Iran gotów szkolić armię syryjską, jeśli zajdzie taka potrzeba.
Iran jest gotów szkolić armię syryjską, jeśli zajdzie taka potrzeba - zadeklarował dowódca irańskich sił lądowych generał Ahmad-Reza Pourdastan, cytowany przez oficjalną agencję Irna.
- Stoimy u boku Syrii i jeśli będzie taka potrzeba, jesteśmy gotowi prowadzić szkolenie jej wojska, nie będziemy jednak uczestniczyć aktywnie w jego operacjach - powiedział generał, podkreślając, że armia syryjska z "doświadczeniem, jakie posiada w konfrontacji z reżimem syjonistycznym, może sama się bronić i nie potrzebuje pomocy z zagranicy".

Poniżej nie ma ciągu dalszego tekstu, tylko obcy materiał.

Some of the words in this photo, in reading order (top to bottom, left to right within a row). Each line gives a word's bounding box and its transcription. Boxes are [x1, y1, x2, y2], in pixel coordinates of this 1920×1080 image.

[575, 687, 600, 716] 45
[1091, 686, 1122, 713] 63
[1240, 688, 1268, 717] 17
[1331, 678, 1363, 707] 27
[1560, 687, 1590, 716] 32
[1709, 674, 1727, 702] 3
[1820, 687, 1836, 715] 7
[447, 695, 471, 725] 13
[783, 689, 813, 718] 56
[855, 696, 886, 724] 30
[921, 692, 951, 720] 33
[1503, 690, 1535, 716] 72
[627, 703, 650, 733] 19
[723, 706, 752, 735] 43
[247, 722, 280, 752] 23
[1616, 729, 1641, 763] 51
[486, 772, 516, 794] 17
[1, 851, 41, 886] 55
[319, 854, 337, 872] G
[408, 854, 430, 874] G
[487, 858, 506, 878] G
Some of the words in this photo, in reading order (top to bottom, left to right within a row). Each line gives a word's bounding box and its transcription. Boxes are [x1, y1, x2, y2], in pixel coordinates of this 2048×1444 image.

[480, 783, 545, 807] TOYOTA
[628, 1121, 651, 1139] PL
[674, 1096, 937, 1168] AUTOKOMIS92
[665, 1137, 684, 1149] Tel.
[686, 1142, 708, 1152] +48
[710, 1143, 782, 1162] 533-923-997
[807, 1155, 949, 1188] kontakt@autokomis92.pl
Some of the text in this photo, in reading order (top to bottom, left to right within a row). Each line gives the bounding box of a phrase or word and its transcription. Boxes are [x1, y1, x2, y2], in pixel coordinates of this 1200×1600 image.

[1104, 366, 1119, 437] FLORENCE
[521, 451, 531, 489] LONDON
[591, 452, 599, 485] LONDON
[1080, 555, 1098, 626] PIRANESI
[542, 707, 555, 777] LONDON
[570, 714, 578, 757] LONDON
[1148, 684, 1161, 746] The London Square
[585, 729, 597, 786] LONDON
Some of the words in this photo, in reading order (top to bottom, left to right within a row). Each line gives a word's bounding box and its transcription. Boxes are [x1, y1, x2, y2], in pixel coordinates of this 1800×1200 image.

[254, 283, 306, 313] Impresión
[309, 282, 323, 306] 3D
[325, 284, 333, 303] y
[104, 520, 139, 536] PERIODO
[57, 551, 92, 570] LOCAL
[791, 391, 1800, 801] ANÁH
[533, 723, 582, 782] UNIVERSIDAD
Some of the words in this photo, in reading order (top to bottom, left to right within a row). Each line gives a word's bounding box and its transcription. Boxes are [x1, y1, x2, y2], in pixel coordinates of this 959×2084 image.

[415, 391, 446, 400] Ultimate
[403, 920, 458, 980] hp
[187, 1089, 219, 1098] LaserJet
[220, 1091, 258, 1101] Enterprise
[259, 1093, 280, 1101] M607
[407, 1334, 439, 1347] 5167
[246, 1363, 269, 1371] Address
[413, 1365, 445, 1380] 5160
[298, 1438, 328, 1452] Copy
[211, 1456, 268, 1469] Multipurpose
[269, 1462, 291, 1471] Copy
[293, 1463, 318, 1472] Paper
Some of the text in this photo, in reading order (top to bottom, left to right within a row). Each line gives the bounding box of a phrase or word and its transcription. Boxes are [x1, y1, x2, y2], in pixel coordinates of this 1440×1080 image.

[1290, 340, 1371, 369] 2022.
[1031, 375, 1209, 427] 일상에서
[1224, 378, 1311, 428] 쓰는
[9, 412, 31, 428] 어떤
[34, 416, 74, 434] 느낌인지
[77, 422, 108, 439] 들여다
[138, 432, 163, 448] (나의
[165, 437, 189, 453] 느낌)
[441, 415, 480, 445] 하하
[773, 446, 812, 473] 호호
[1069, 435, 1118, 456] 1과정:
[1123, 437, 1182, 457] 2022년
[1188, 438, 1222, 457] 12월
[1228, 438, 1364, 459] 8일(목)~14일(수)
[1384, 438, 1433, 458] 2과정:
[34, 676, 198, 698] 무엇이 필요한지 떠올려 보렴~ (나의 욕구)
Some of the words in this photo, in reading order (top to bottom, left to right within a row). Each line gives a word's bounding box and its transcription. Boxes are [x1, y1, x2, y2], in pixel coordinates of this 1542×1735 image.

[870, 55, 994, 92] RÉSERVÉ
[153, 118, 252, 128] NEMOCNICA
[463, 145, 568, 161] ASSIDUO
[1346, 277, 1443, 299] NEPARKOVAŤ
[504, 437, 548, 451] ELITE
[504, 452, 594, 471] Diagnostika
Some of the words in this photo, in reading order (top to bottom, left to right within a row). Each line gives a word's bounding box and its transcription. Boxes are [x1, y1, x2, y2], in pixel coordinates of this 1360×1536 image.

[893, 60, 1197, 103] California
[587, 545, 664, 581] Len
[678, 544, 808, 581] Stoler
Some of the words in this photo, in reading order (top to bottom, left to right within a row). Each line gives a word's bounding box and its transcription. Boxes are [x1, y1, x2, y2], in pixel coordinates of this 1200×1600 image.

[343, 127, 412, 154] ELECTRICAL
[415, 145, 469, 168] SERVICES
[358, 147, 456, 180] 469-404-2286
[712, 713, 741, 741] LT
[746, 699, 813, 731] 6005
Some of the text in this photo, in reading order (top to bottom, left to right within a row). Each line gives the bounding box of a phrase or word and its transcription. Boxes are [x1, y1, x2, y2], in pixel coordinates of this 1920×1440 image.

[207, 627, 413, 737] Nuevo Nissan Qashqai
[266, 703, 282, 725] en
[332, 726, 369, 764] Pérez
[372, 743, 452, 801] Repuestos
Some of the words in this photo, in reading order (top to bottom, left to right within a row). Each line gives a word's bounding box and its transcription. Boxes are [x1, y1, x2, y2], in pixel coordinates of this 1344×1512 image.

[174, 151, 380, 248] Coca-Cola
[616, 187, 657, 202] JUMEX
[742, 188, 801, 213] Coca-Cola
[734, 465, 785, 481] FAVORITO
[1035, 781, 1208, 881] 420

Po potwierdzeniu przez wysokiego rangą przedstawiciela administracji izraelskiej przeprowadzenia przez izraelskie lotnictwo dwóch ataków w ciągu trzech dni w Syrii, których celem była nowoczesna broń przeznaczona dla bojowników libańskiego Hezbollahu, rzecznik irańskiego MSZ "potępił atak reżimu syjonistycznego i zażądał od krajów regionu reakcji na tę agresję".
Ramin Mehmanparast oskarżył Izrael o "stwarzanie niestabilności w regionie, wywołując konflikty o charakterze religijnym i etnicznym".
Iran, w większości szyicki, jest głównym sojusznikiem reżimu prezydenta Syrii Baszara al-Asada i regularnie oskarża kraje zachodnie, część krajów arabskich i Turcję o pomoc rebeliantom syryjskim w walce przeciwko Damaszkowi.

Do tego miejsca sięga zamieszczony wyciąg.